↓↓↓
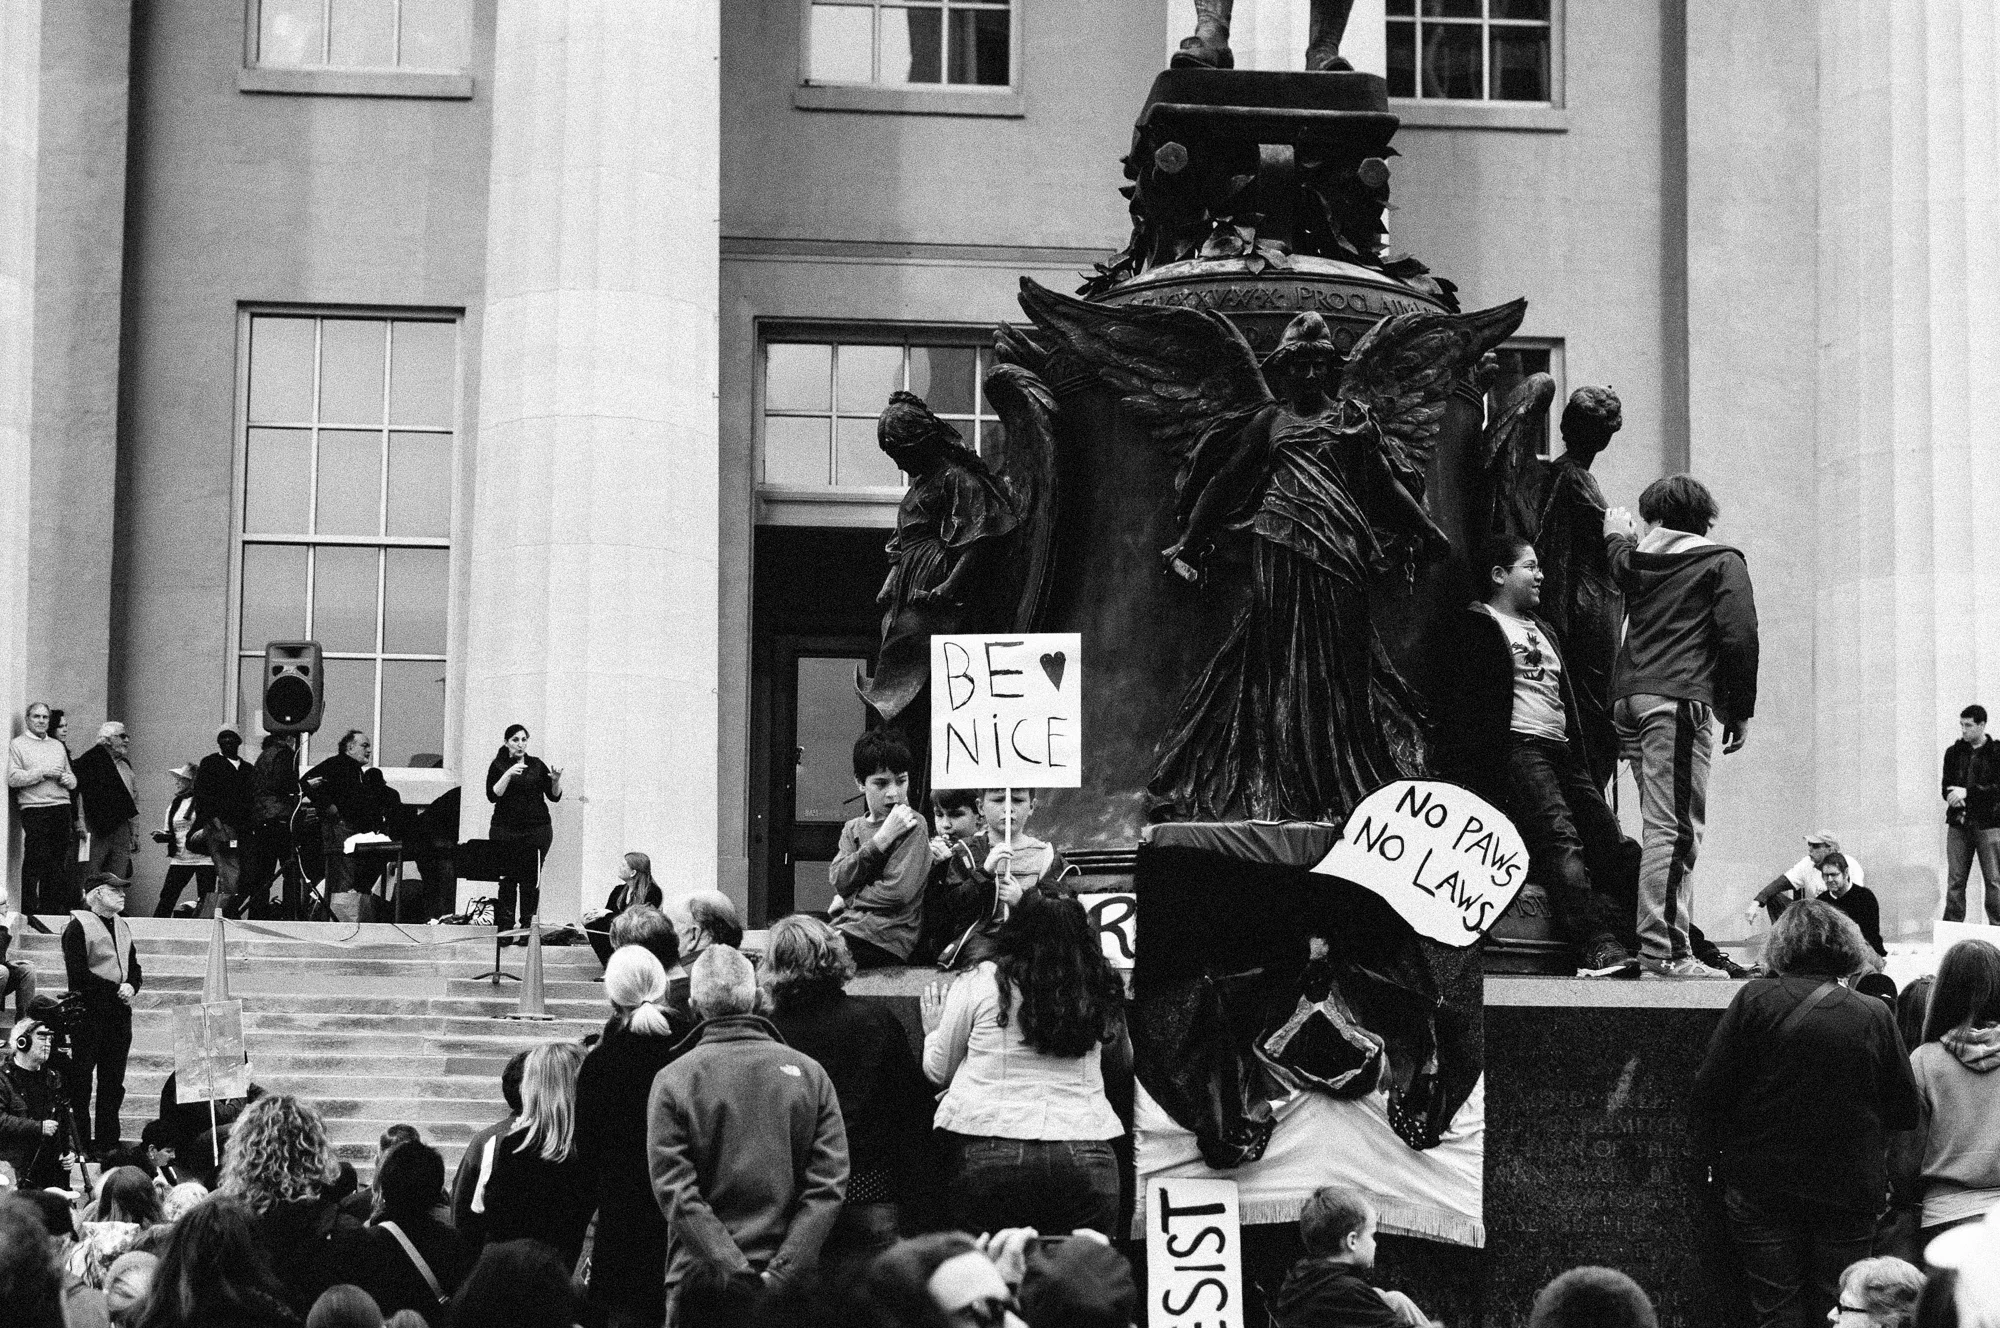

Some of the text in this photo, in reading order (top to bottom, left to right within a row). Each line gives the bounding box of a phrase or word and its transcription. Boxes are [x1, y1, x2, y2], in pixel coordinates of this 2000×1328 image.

[943, 640, 1025, 712] BE
[1353, 816, 1495, 932] NO LAWS
[1395, 784, 1522, 887] NO PAWS
[1158, 1187, 1230, 1328] SIST
↑↑↑
• Your assignment:
The output should consist of every entry above, printed exactly, with the images removed.

• Response box:
Some of the text in this photo, in reading order (top to bottom, left to right within a row). Each line gives the bounding box of a phrase or word and its transcription. Boxes are [x1, y1, x2, y2], in pixel coordinates of this 2000×1328 image.

[943, 640, 1025, 712] BE
[1353, 816, 1495, 932] NO LAWS
[1395, 784, 1522, 887] NO PAWS
[1158, 1187, 1230, 1328] SIST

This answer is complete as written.